In ogni caso, il rapporto di agosto non era buono considerando il contesto. In tempi normali, 1,4 milioni di nuovi lavori sarebbero considerati un successo, pure se alcuni di questi fossero una deviazione temporanea associata al dato. Ma abbiamo comunque 11 milioni di posti di lavoro in meno rispetto a febbraio.

E la situazione rimane dura per i lavoratori più colpiti. Il crollo causato dalla pandemia si è abbattuto sproporzionatamente sui lavoratori dei settori dei servizi ricettivi – pensate alla ristorazione – dove il tasso di occupazione è ancora giù del 25%, mentre il numero di disoccupati è arrivato a toccare il 20%, quattro volte di più rispetto all’anno scorso.

In parte a causa di dove si è concentrata la rottura, i disoccupati tendono ad essere lavoratori che guadagnavano salari bassi già prima dello scoppio della crisi. E un fatto inquietante è che il salario medio è aumentato. No, non è refuso: se i lavoratori poco pagati fossero riassunti oggi, ci aspetteremmo che i salari si abbassino di nuovo, così come è accaduto con il rimbalzo di maggio e giugno. L’aumento dei salari medi è un segno che chi ha davvero bisogno di un lavoro in questo momento non lo trova affatto.

Quindi l’economia sta bypassando chi davvero ha bisogno di una ripresa.

Al contrario l’ancora di salvezza che permetteva temporaneamente il sostegno delle vittime del coronavirus è già salpata.

Il CARES Act, approvato a marzo, ha dato ai disoccupati 600 dollari in più a settimana in sussidi. Questo supplemento ha giocato un ruolo cruciale nel limitare disagi estremi; la povertà potrebbe addirittura essere scomparsa.

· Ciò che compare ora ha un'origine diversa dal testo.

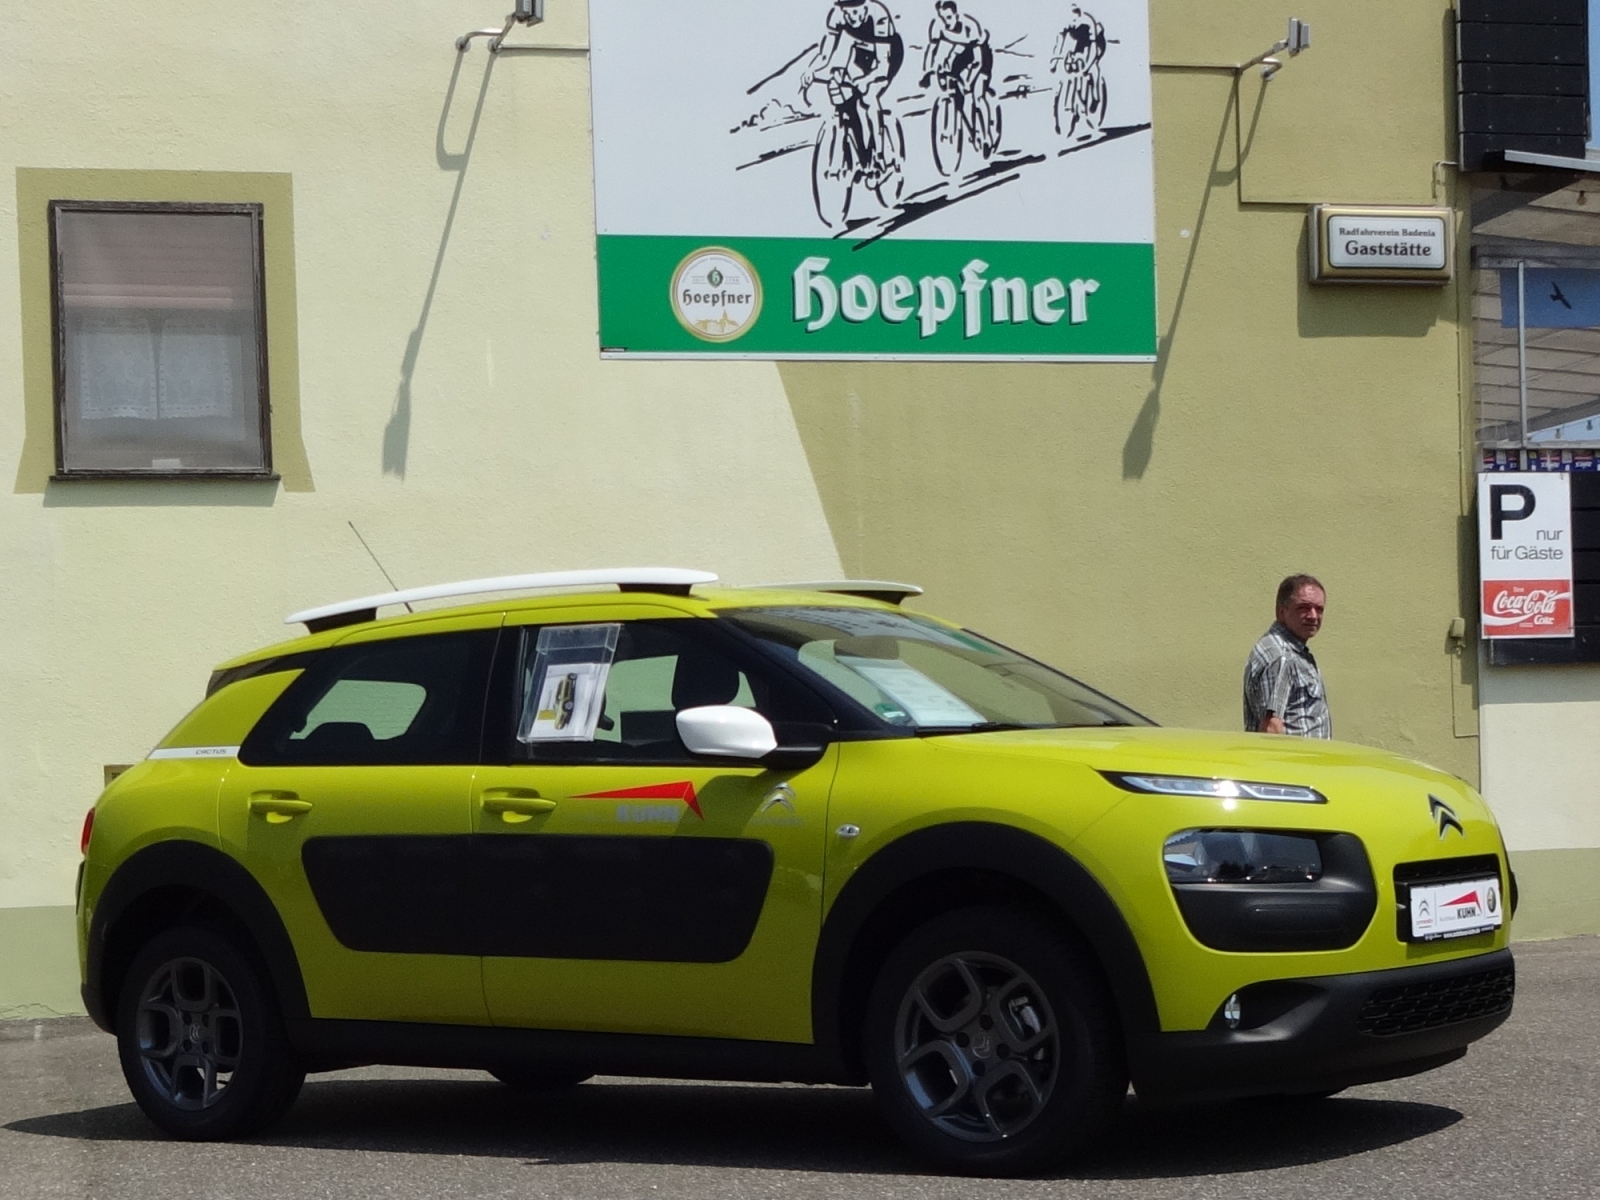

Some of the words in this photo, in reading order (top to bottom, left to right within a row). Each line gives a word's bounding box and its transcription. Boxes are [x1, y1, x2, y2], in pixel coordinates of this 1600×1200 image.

Ma il supplemento è terminato il 31 luglio e sembra che i Repubblicani al Senato non vogliano rimetterlo prima delle elezioni. Il tentativo del Presidente Trump di aggiungere un extra di 300 dollari a settimana per ordine esecutivo fallirà nel raggiungere molti e sarà inadeguato per i pochi che ne avranno beneficio. Le famiglie avranno pure potuto campare per qualche settimana con qualche risparmio sotto al materasso, ma adesso le cose si fanno pesanti per milioni di persone.

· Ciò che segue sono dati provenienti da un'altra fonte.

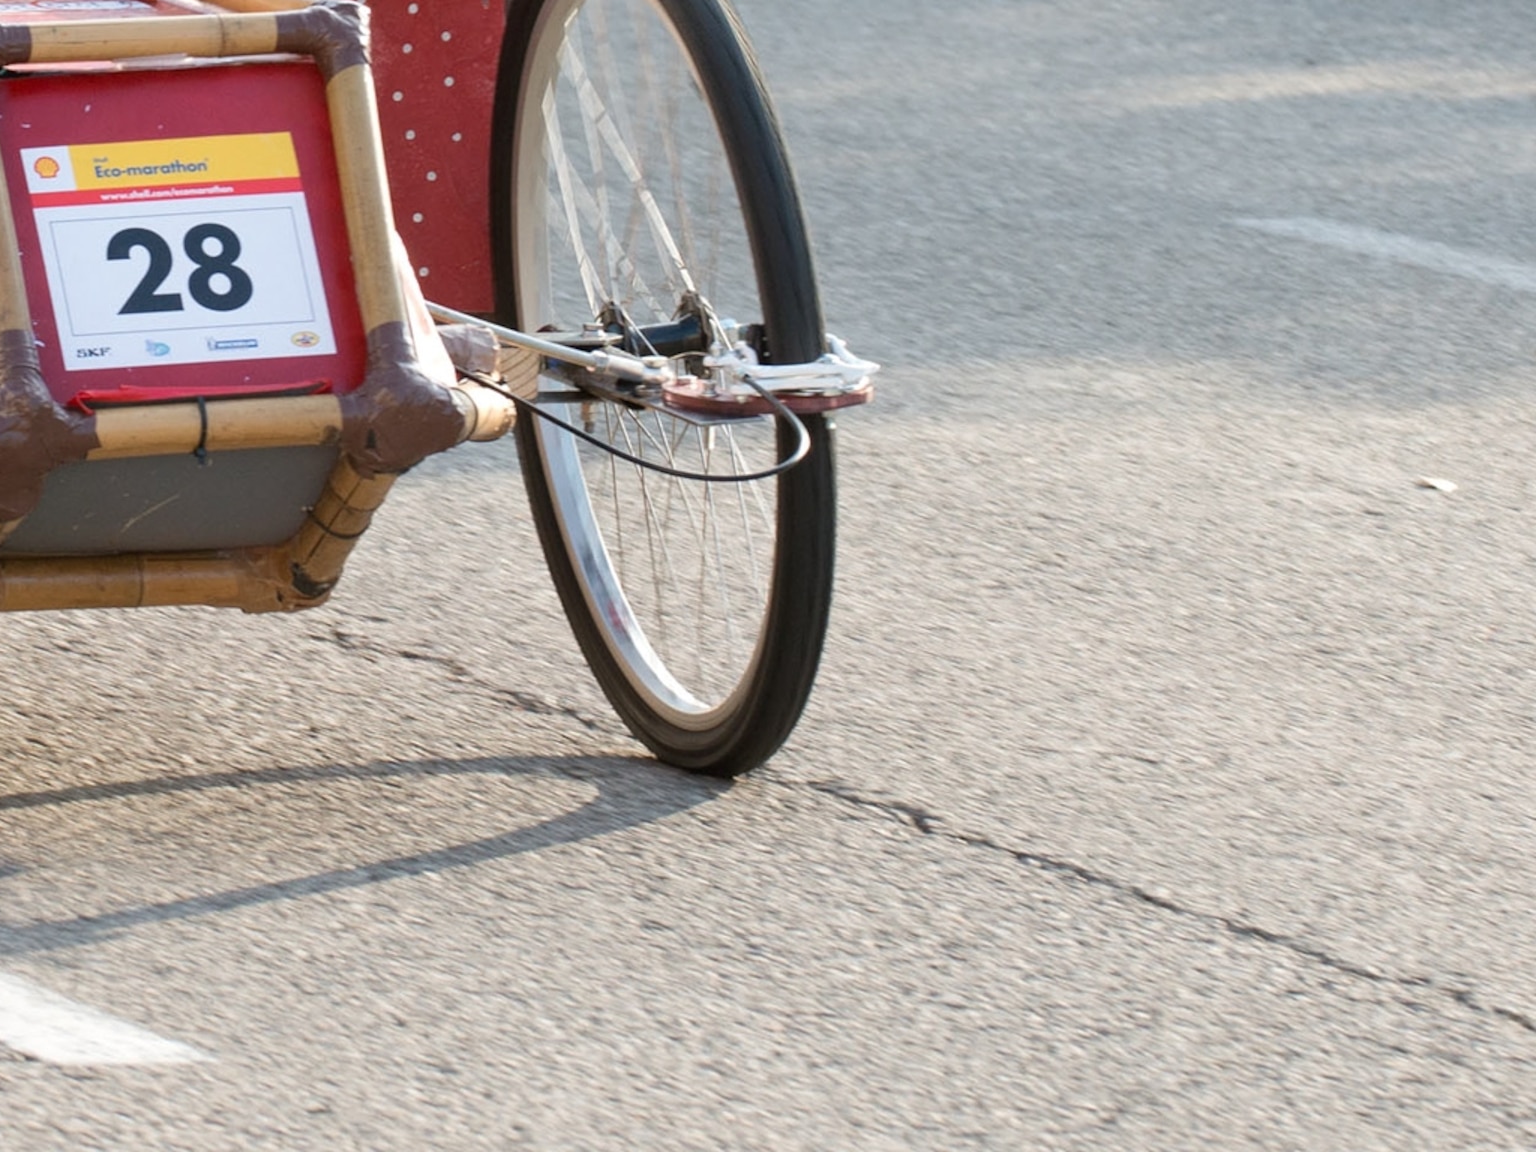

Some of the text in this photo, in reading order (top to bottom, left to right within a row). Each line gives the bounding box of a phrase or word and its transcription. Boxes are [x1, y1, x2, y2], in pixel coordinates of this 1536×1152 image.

[93, 159, 208, 179] Eco-marathon
[105, 222, 254, 316] 28
[76, 346, 112, 359] SKF

La morale è che prima di citare valori economici, devi pensare a quello che valgono per le persone e per le loro vite. I dati certamente non sono senza senso: un milione di posti di lavoro in più è meglio di uno in meno e il PIL che cresce è meglio del PIL che scende. Ma c’è spesso una contraddizione fra i numeri da titolo di giornale e la realtà della vita americana, ed è specialmente vero ora.

Il fatto è che questa economia non sta funzionando per niente per tantissimi americani, che stanno vivendo un momento terribile il quale – grazie alle decisioni di Trump e dei suoi alleati – va peggiorando sempre di più.